5. Drink water. Lots of it. Yeah, this isn’t necessarily a step to making a good salad – but I’ve come to find that the only way to guarantee a salad keeps me full for hours is to drink at least 32 ounces of water while I’m consuming it. Yes, this means you’re going to have to empty your bladder a few times, but it’s better than getting hungry two hours later.

9 thoughts on “Five steps to making a good salad

  1. These are great suggestions, especially #2 about diluting salad dressing with water. I never think to do that, but I'm going to give it a try next time!P.S. I nominated your blog for the One Lovely Blog award. The post is up on my blog if you want to check it out. 🙂

  2. Great post Ashlae! You know I'm a sucker for chopped salads so I love tip #1 🙂 It is absolutely genius to salt your toppings to create a dressing and also brilliant to dilute your dressing! I'm totally going to start doing that. I also like your tip to drink lots of water. It's so important and you are right, it will definitely keep you full!

  3. Drinking water while eating actually supports digestion. Yes, the digestive enzymes are diluted, but the concentration of them does not have any impact on the rate of digestion.

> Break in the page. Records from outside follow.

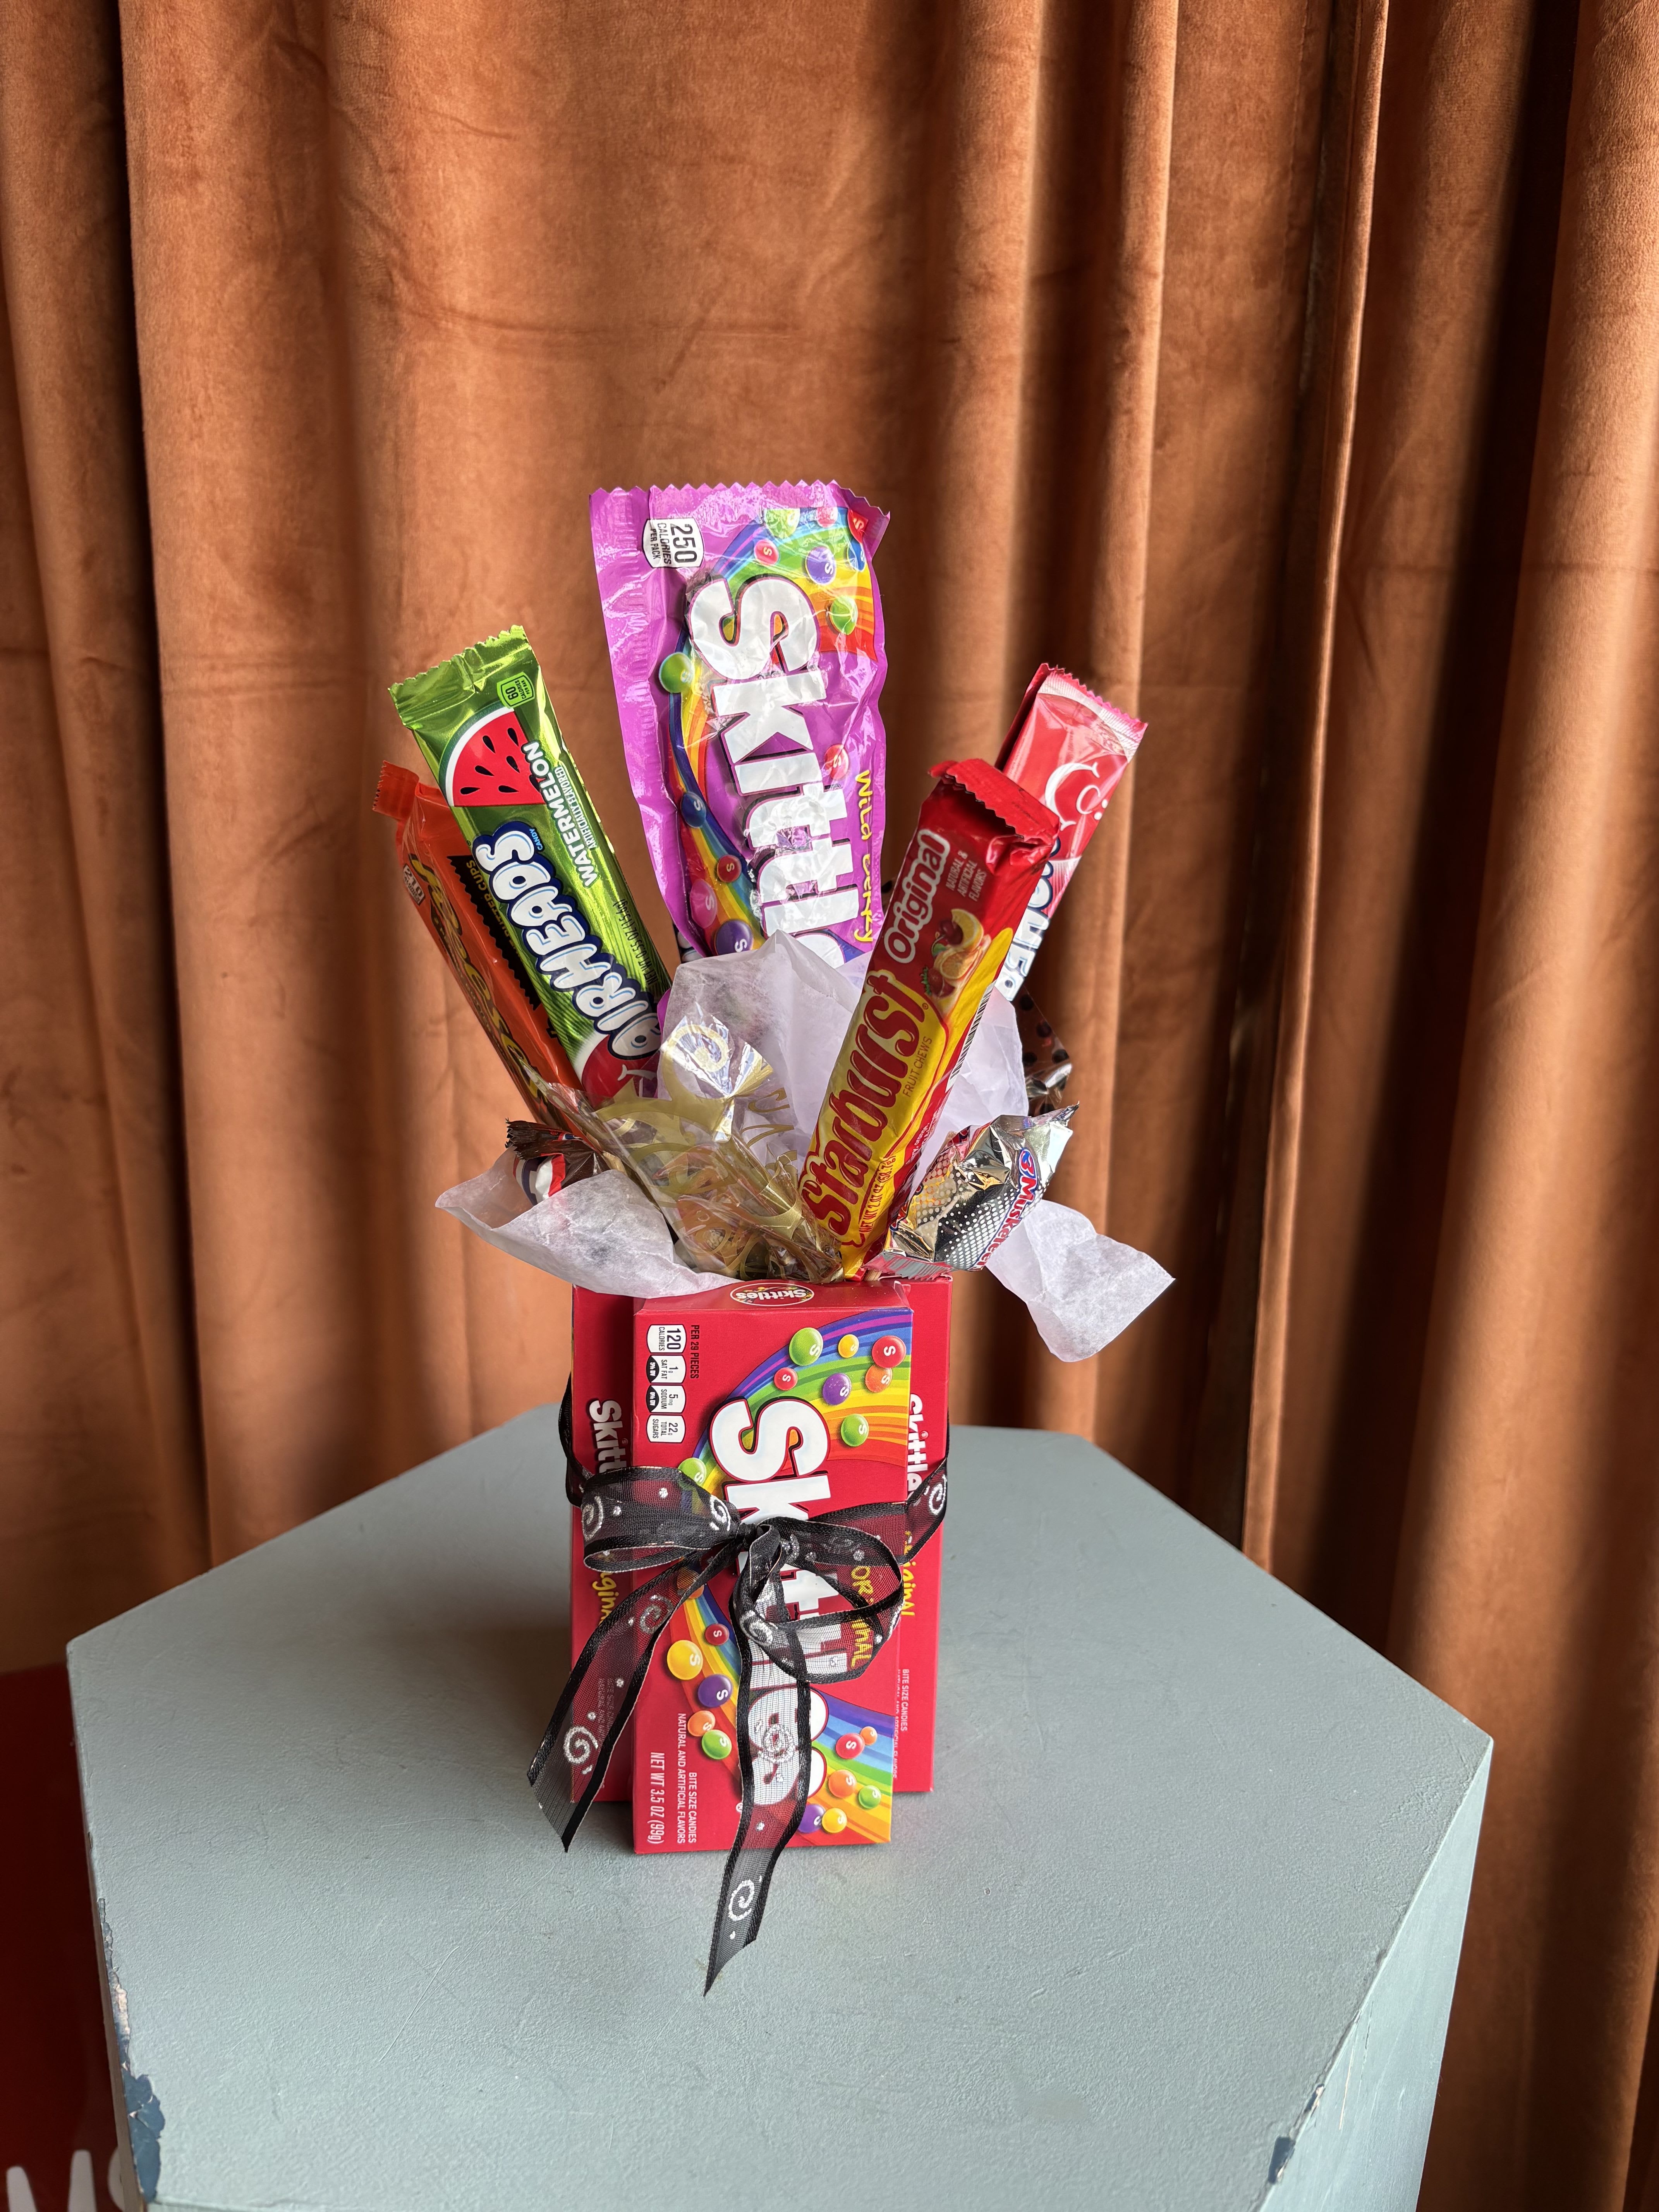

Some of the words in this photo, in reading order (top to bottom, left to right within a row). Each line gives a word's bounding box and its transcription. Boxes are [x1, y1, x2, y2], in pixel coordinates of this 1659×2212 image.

[651, 543, 661, 559] PACK
[657, 522, 672, 565] CALORIES
[670, 523, 697, 563] 250
[505, 686, 519, 700] 60
[515, 680, 527, 699] CALORIES
[554, 766, 579, 805] FLAVORED
[690, 577, 860, 969] Skittl
[523, 741, 598, 887] WATERMELON
[571, 805, 597, 849] ARTIFICIALLY
[529, 829, 543, 850] CANDY
[404, 868, 423, 896] 210
[466, 860, 487, 891] CUPS
[945, 858, 964, 891] NATURAL
[957, 850, 968, 859] &
[957, 860, 978, 898] ARTIFICIAL
[886, 831, 948, 962] Original
[968, 868, 987, 902] FLAVORS
[476, 830, 661, 1056] AIRHEADS
[625, 927, 639, 941] OZ
[630, 939, 647, 959] 0.55
[643, 969, 658, 985] NET
[903, 1065, 921, 1097] FRUIT
[913, 1036, 933, 1069] CHEWS
[802, 974, 925, 1236] Starburst
[1020, 1149, 1036, 1176] 3
[859, 1221, 873, 1233] NET
[863, 1209, 878, 1221] WT
[736, 1289, 807, 1300] Skittles
[666, 1328, 682, 1350] 120
[690, 1341, 699, 1350] 29
[691, 1325, 700, 1339] PER
[690, 1353, 699, 1379] PIECES
[589, 1400, 627, 1474] Skitt
[907, 1394, 928, 1500] Skittle
[900, 1702, 908, 1731] CANDIES
[677, 1713, 686, 1748] NATURAL
[651, 1752, 665, 1771] NET
[677, 1750, 686, 1767] AND
[651, 1772, 665, 1787] WT
[677, 1768, 686, 1810] ARTIFICIAL
[689, 1772, 697, 1790] BITE
[651, 1789, 665, 1803] 3.5
[689, 1791, 697, 1809] SIZE
[651, 1806, 665, 1818] OZ
[647, 1820, 665, 1844] (99g)
[677, 1812, 685, 1844] FLAVORS
[688, 1811, 697, 1843] CANDIES
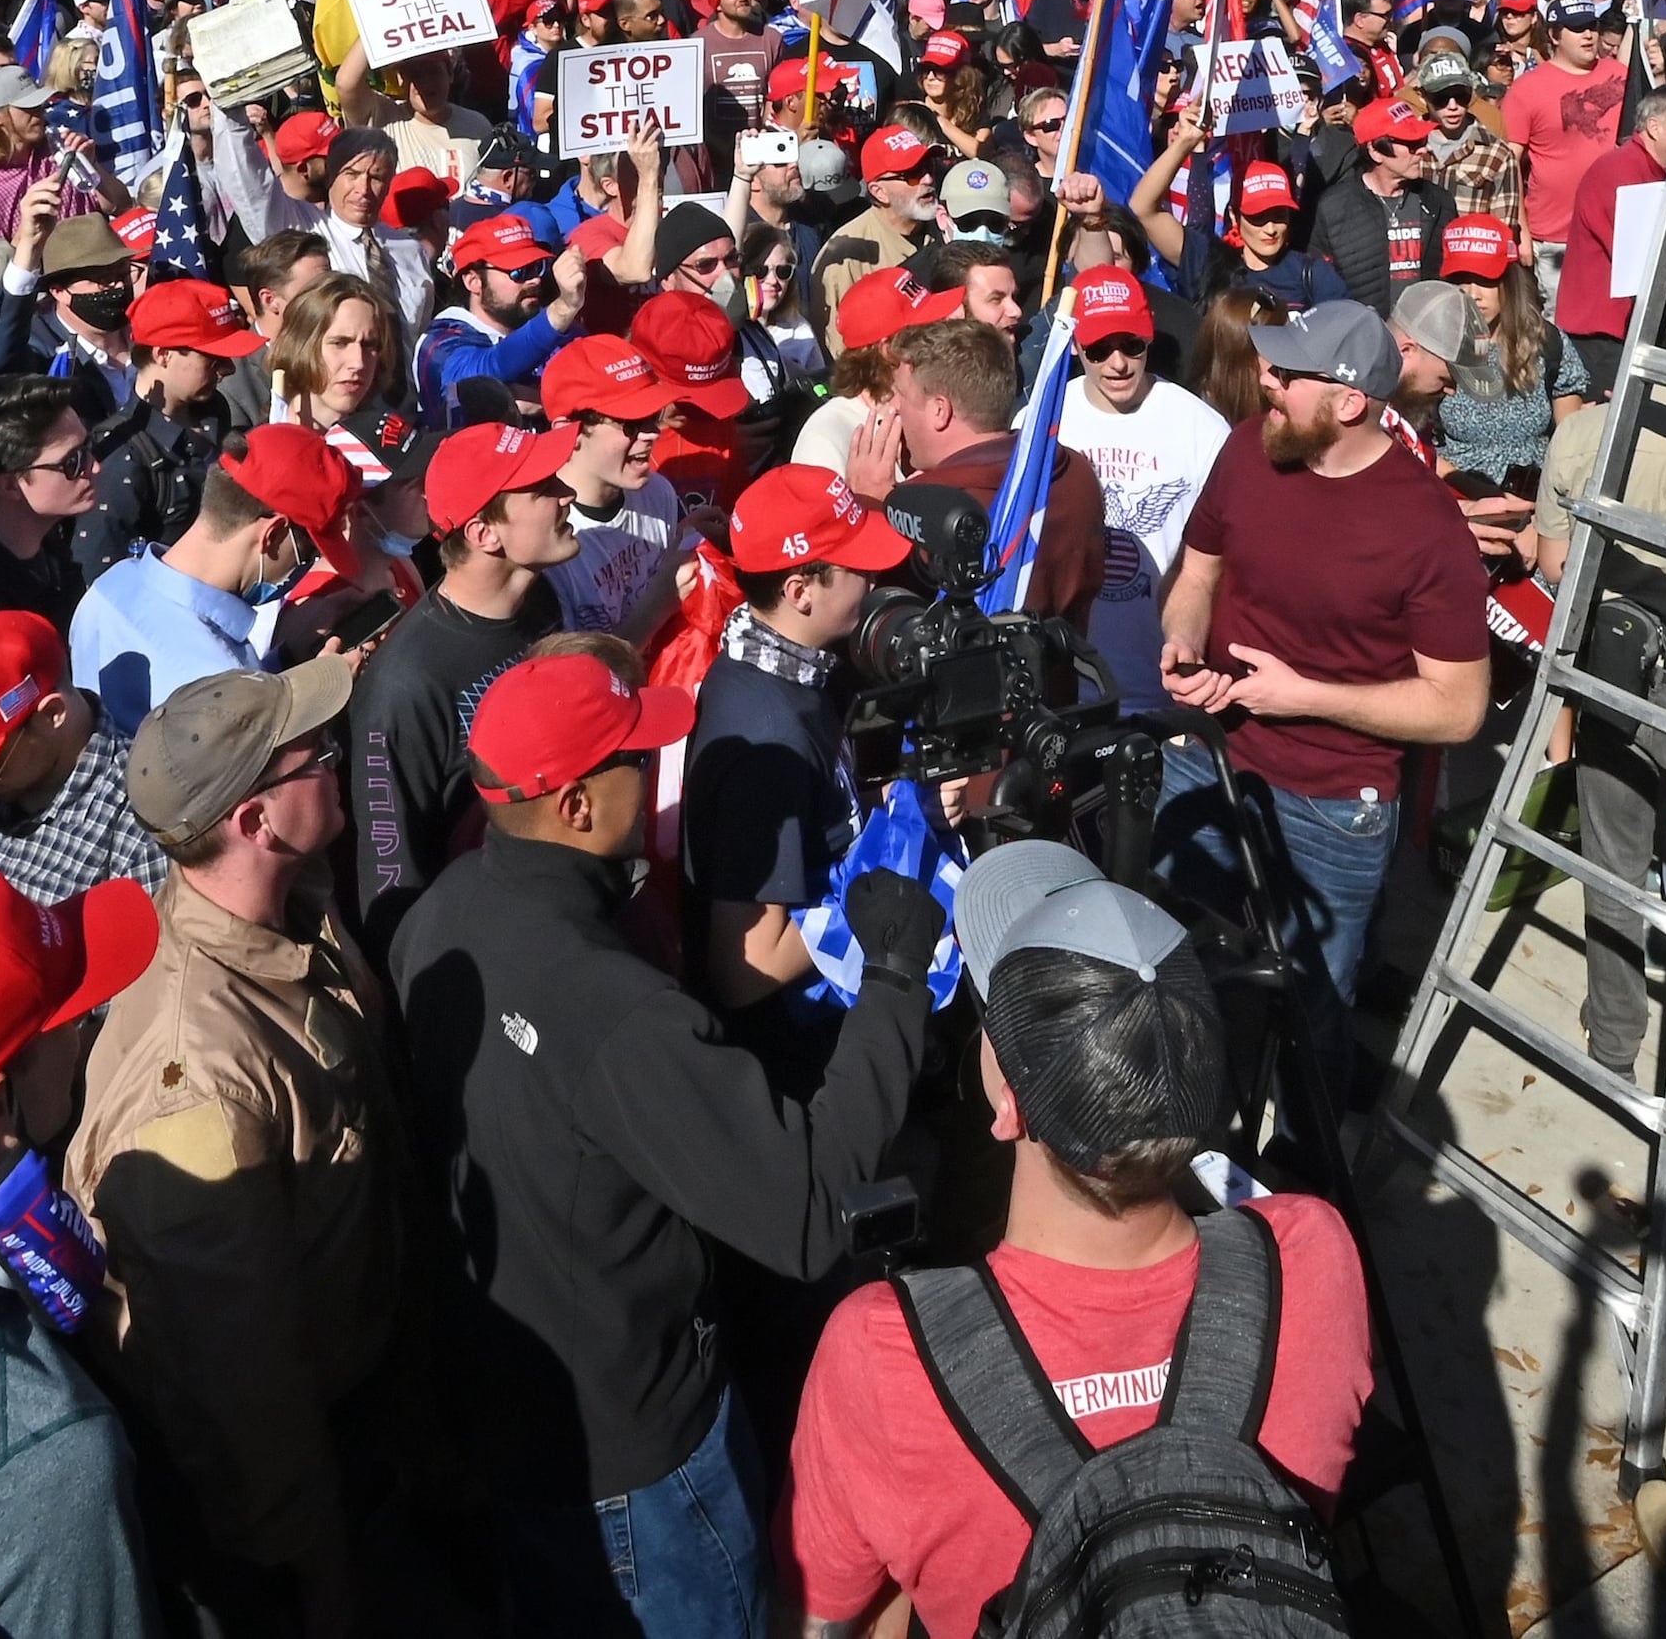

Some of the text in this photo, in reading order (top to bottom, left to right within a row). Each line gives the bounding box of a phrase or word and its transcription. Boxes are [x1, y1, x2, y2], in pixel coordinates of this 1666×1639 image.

[383, 11, 476, 49] STEAL
[587, 53, 673, 85] STOP
[1213, 51, 1289, 84] RECALL
[1430, 59, 1463, 77] USA
[604, 83, 655, 109] THE
[1081, 446, 1160, 473] MERICA
[782, 533, 809, 558] 45
[21, 1250, 58, 1280] MORE

  4. I love, love salads but I can always use more tips! I like the dressing one; I never thought about drawing liquids out of the veggies.Also, interesting use of fruit. I like fruit in my salad but always forget to do it.

  5. I love all of your ideas! I completely agree on the importance of chopping all of the vegetables. It's so much more satisfying to get a little bit of everything in each bite. Plus, it's just easier to chew. After transitioning to chopping a few years ago, I can't make salads any other way!

  6. Awesome ideas. I, for one, love salads, whether they have fruit in them or not, but this made me realize that the ones that do have fruit in them really are the ones that I really love and think about afterwards. Mmm

  7. What great tips! I do love a good chopped salad, and will be implementing more of your tricks next time I make a salad… actually, I am currently eating a salad as I type this!!!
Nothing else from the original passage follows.